What to produce
Every entry must be set down exactly in the answer; no pictures should appear.

Supplied information
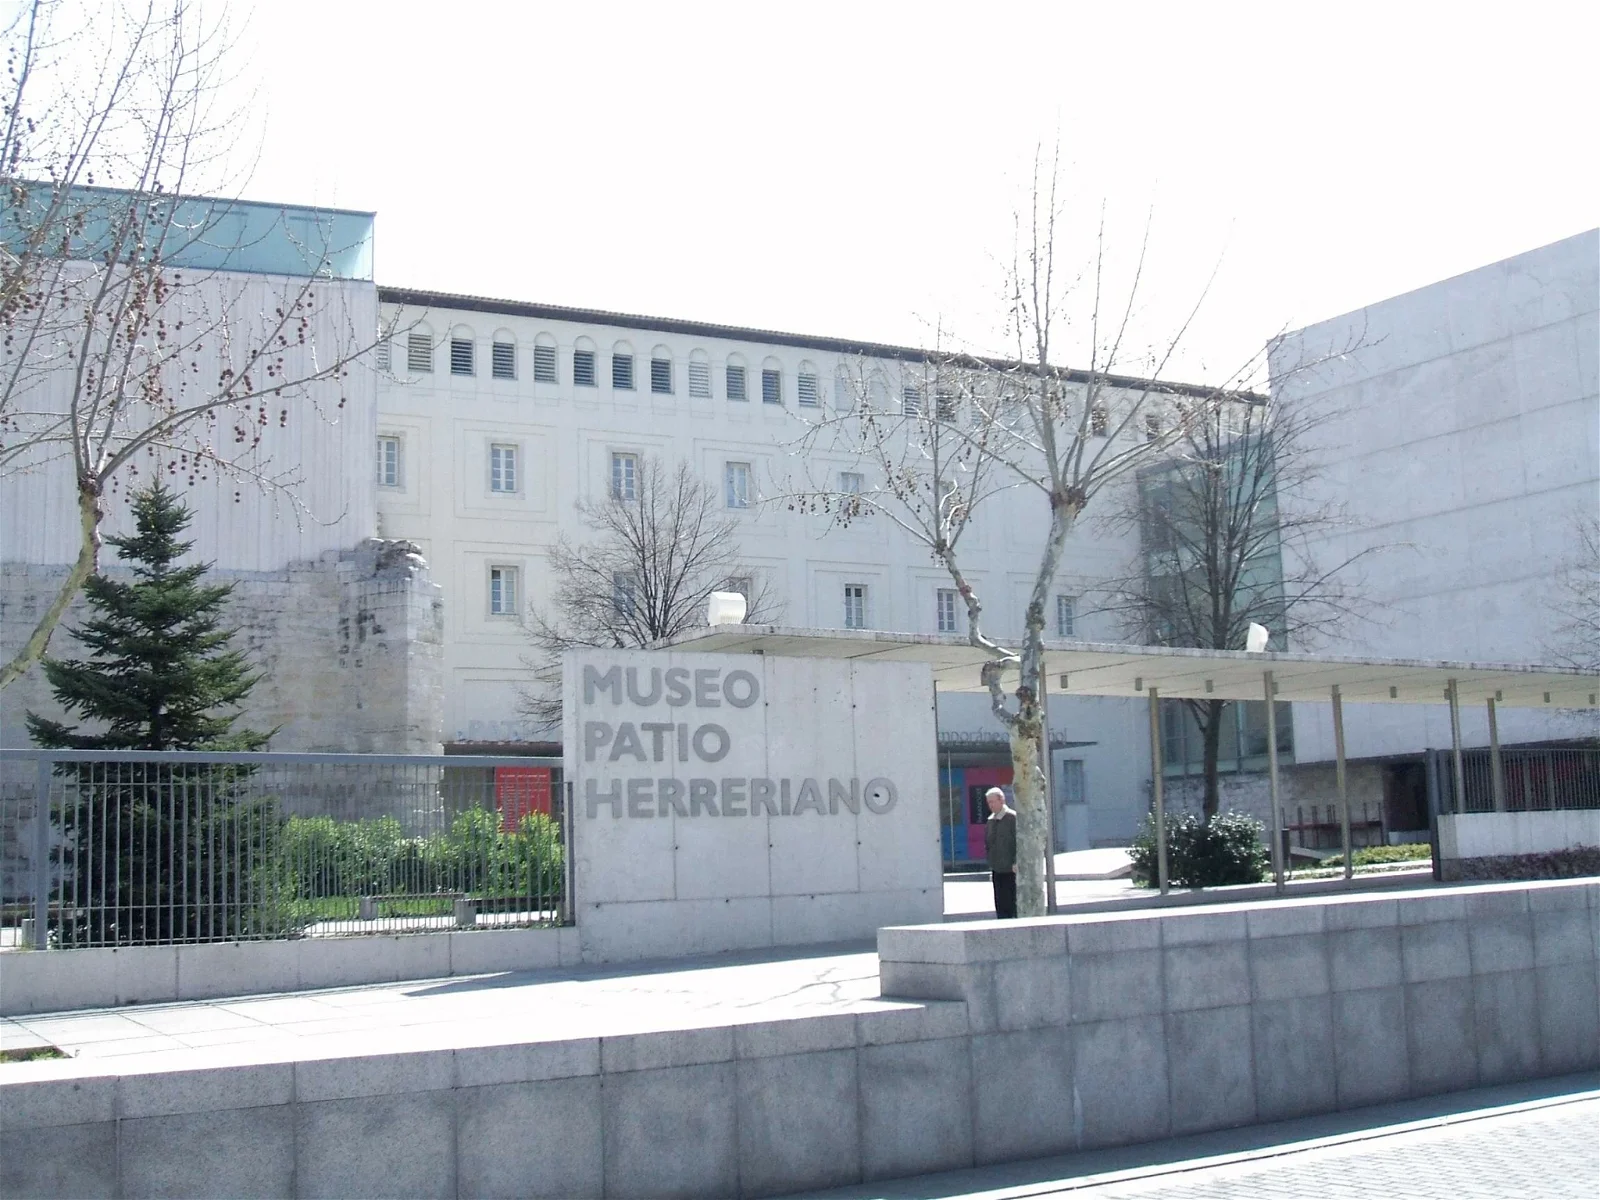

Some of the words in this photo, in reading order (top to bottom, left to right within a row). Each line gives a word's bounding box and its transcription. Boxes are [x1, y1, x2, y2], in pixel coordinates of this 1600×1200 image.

[583, 664, 760, 709] MUSEO
[585, 721, 731, 763] PATIO
[585, 777, 898, 817] HERRERIANO
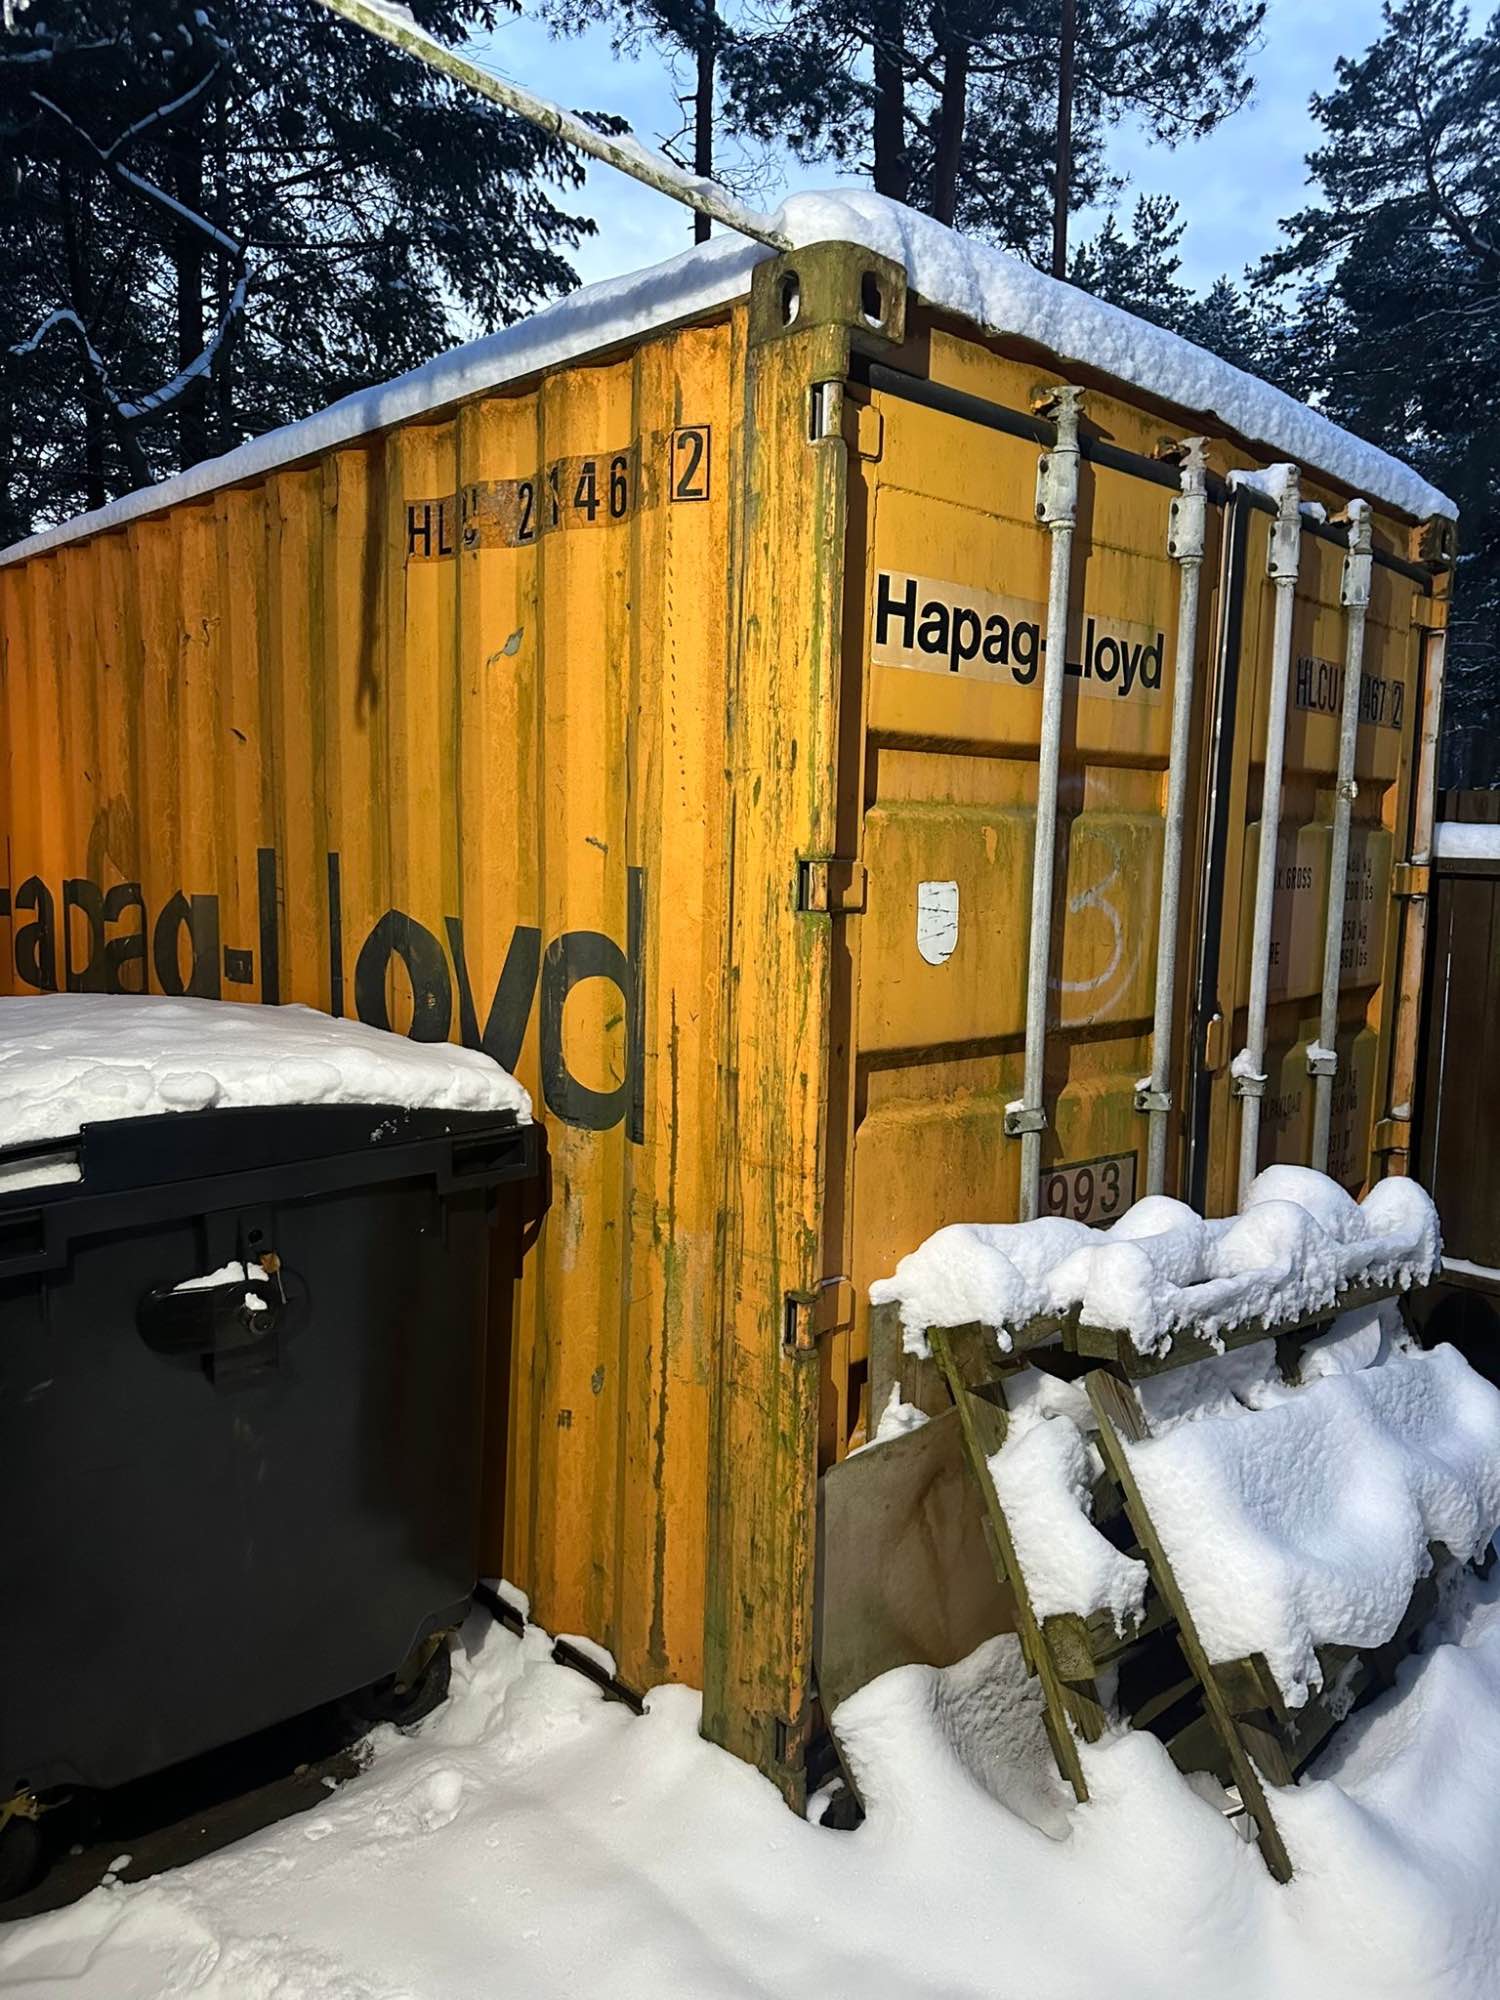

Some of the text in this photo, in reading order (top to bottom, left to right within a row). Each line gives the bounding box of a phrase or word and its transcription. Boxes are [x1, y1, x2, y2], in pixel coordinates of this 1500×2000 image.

[677, 431, 703, 497] 2
[1296, 658, 1338, 712] HLCU
[1286, 866, 1312, 889] GROSS
[0, 848, 645, 1145] apag-Lloyd
[1048, 1162, 1120, 1221] 993

Expected answer
Some of the words in this photo, in reading order (top to bottom, left to right within a row). Each line gives a word's bounding box and its transcription. Boxes are [x1, y1, x2, y2], in pixel coordinates of this 1600×1200 image.

[583, 664, 760, 709] MUSEO
[585, 721, 731, 763] PATIO
[585, 777, 898, 817] HERRERIANO

Some of the text in this photo, in reading order (top to bottom, left to right within a row). Each line gives the bounding box of a phrase or word and its transcription. Boxes are [x1, y1, x2, y2], in pixel coordinates of this 1500×2000 image.

[677, 431, 703, 497] 2
[1296, 658, 1338, 712] HLCU
[1286, 866, 1312, 889] GROSS
[0, 848, 645, 1145] apag-Lloyd
[1048, 1162, 1120, 1221] 993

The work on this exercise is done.